Exercise input.
◆ ◆ ◆

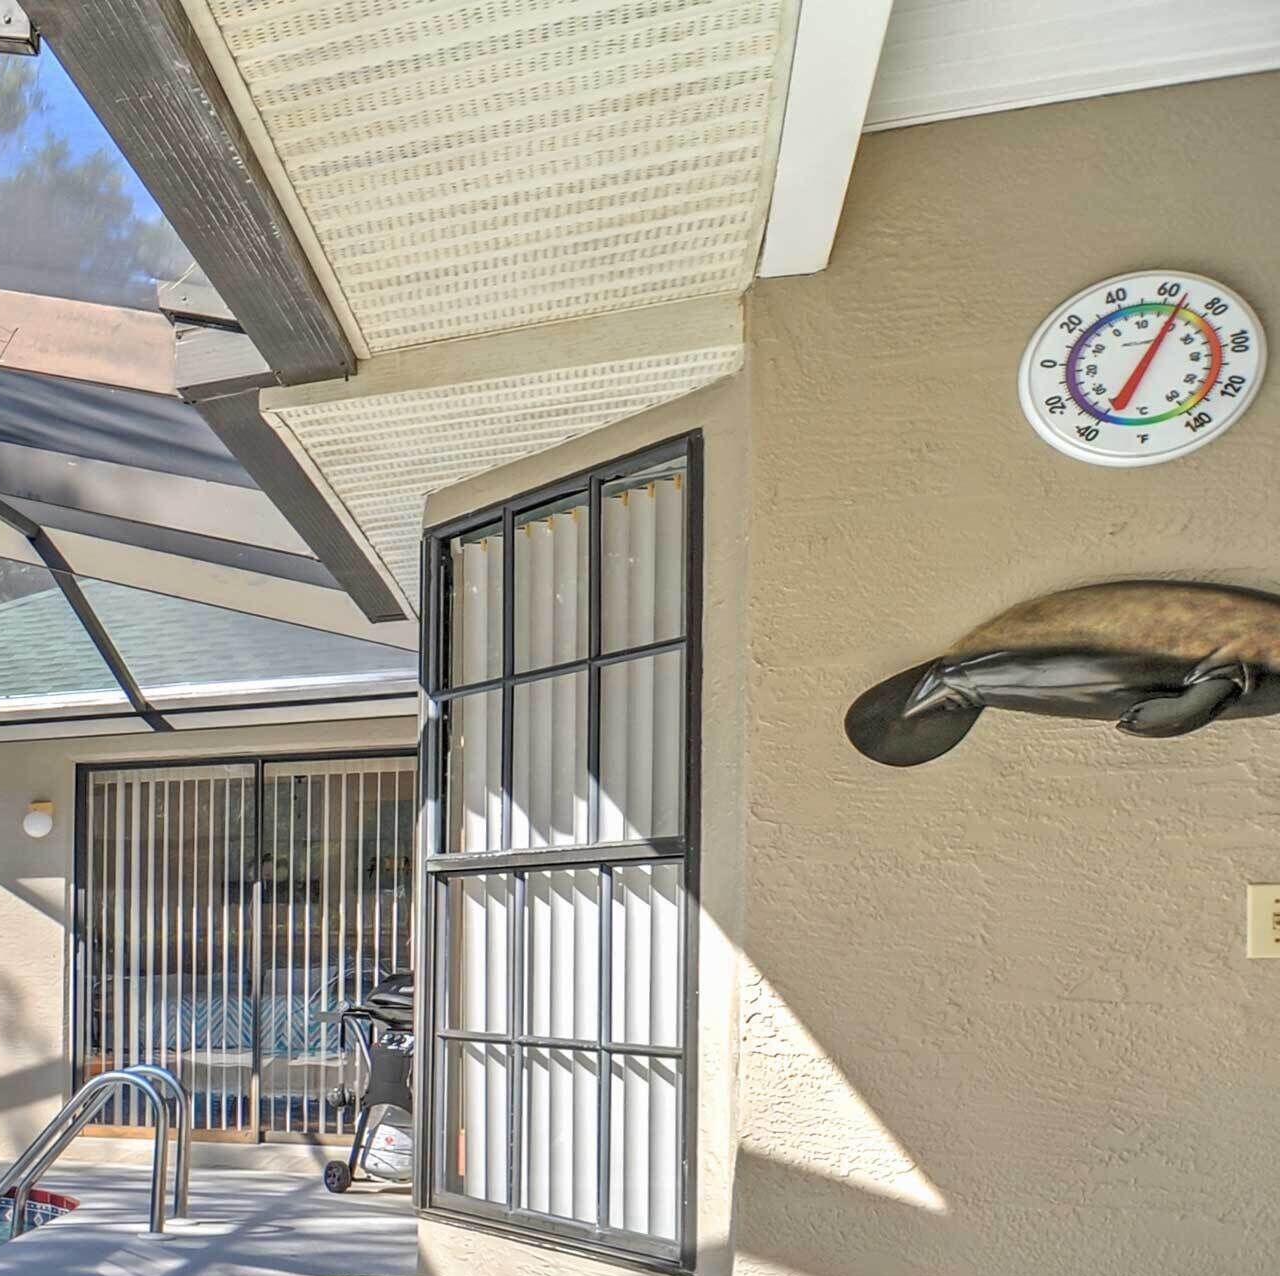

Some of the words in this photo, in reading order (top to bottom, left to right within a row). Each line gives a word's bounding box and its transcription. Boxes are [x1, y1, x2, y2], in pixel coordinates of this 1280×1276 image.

[1105, 288, 1127, 305] 40
[1157, 282, 1180, 297] 60
[1204, 298, 1228, 316] 80
[1060, 314, 1082, 334] 20
[1135, 319, 1148, 329] 10
[1230, 330, 1249, 353] 100
[1040, 360, 1058, 368] 0
[1221, 375, 1245, 398] 120
[1166, 390, 1180, 403] 60
[1185, 412, 1212, 433] 140
[1076, 425, 1099, 442] -40
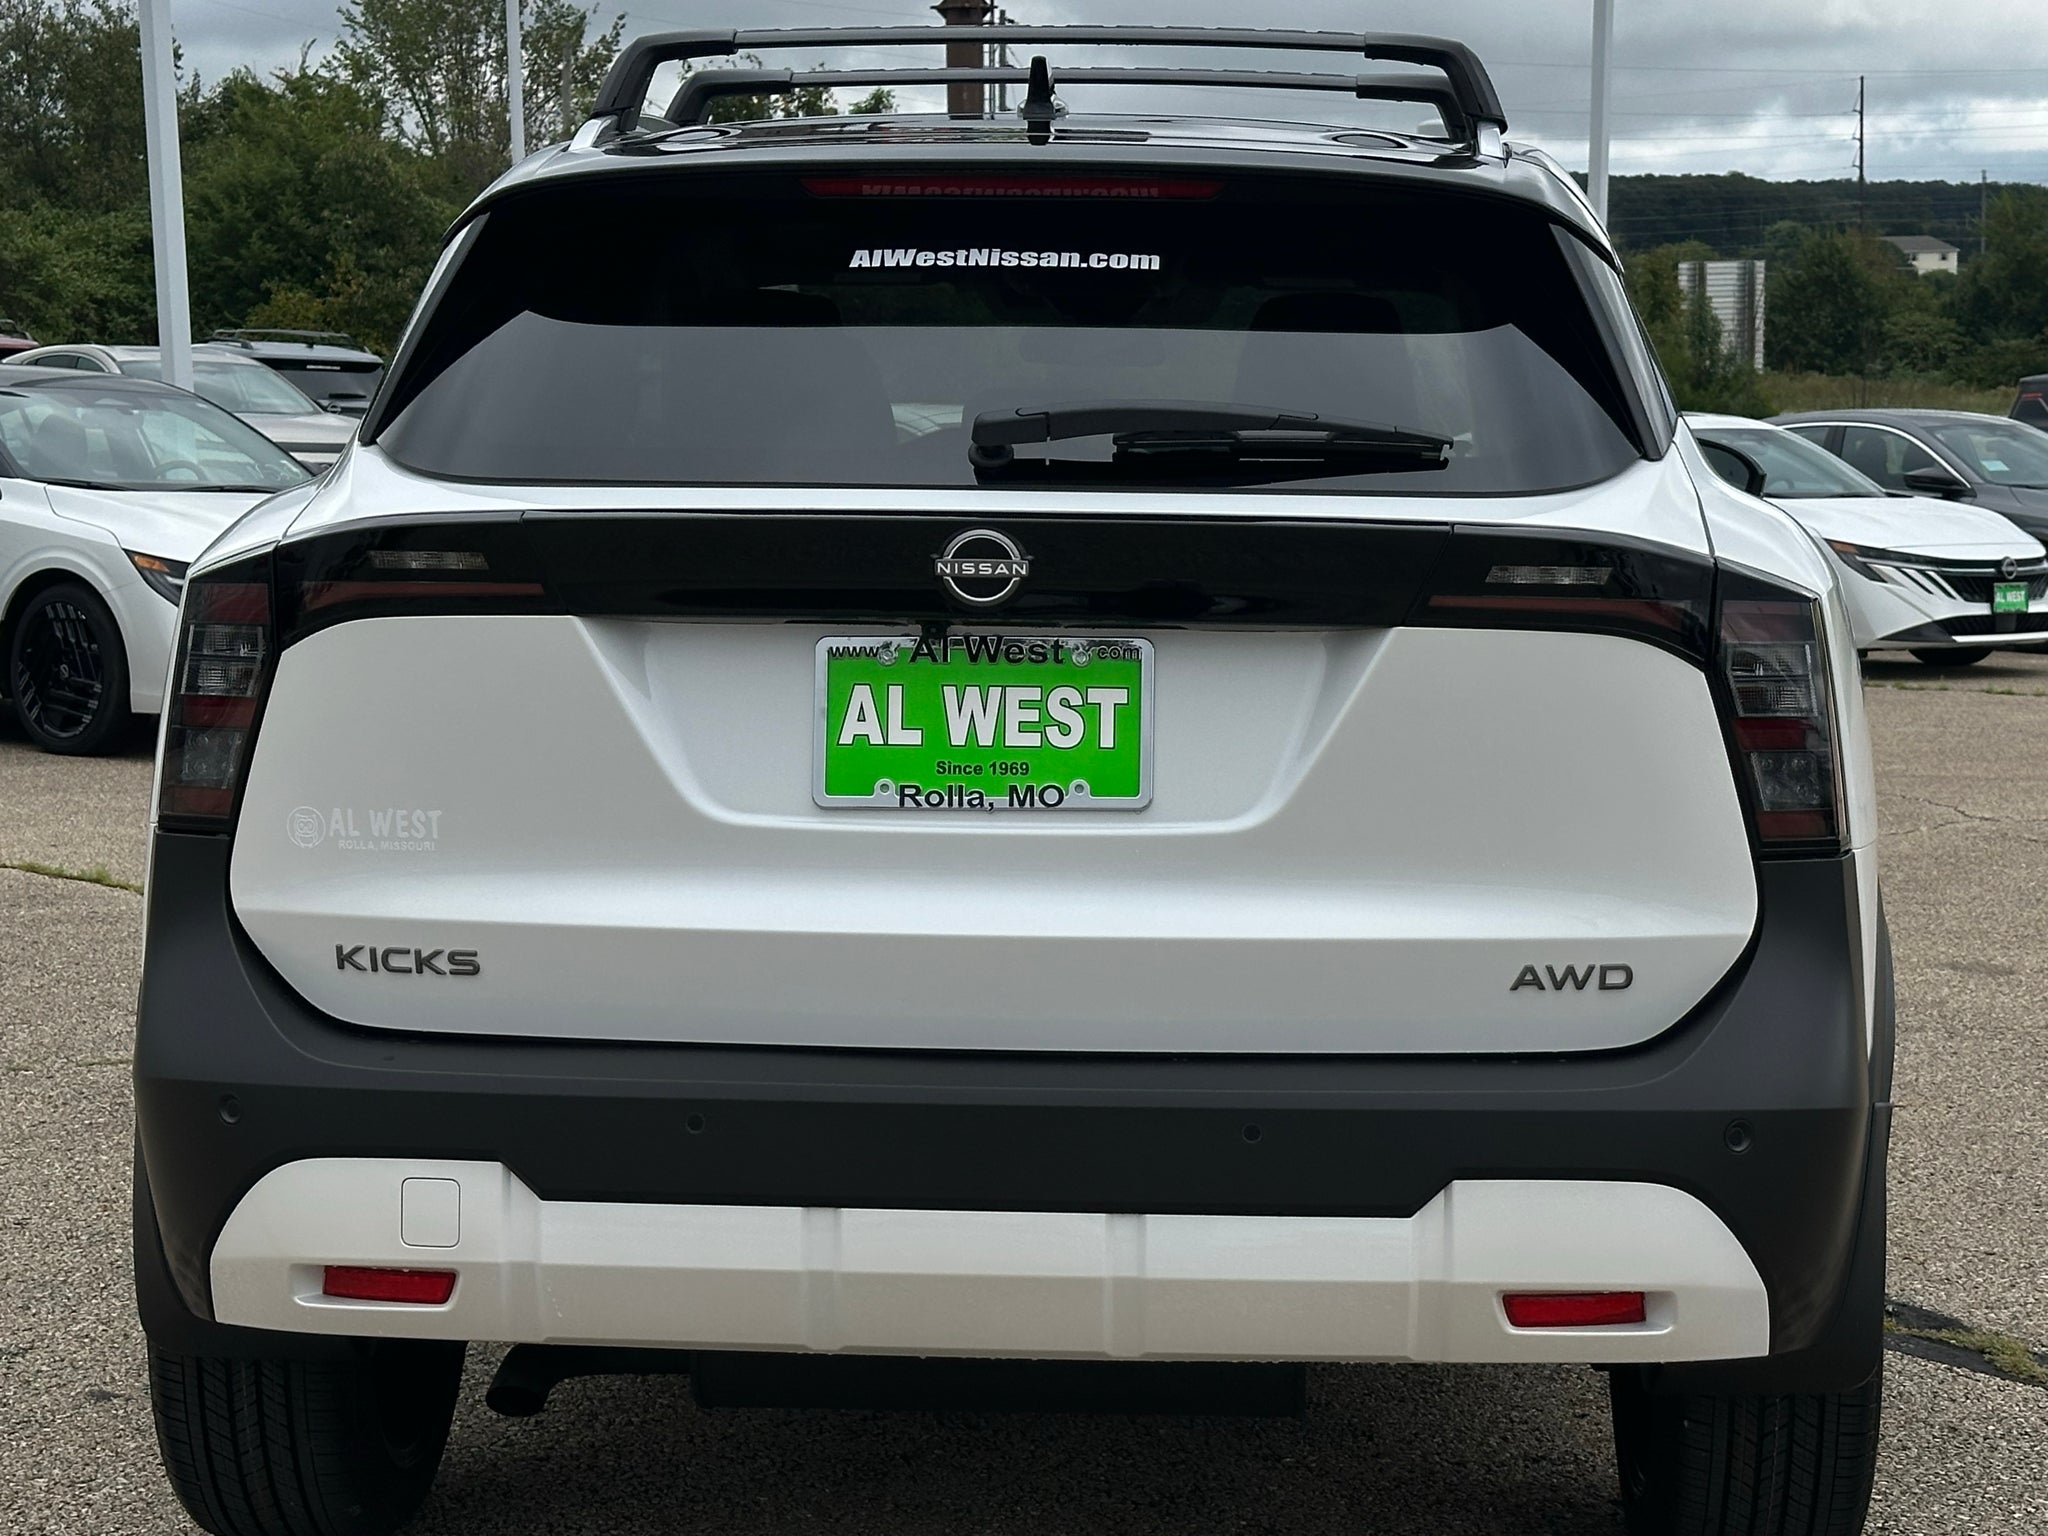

◆ ◆ ◆

Task directions.
Write the material out again exactly. Do not include the pictures.

Result of the task.
Some of the words in this photo, in reading order (top to bottom, left to right within a row). Each line gives a word's bounding box and its transcription. Boxes are [x1, y1, x2, y2], in pixel coordinates of this 1280×1276 image.

[1105, 288, 1127, 305] 40
[1157, 282, 1180, 297] 60
[1204, 298, 1228, 316] 80
[1060, 314, 1082, 334] 20
[1135, 319, 1148, 329] 10
[1230, 330, 1249, 353] 100
[1040, 360, 1058, 368] 0
[1221, 375, 1245, 398] 120
[1166, 390, 1180, 403] 60
[1185, 412, 1212, 433] 140
[1076, 425, 1099, 442] -40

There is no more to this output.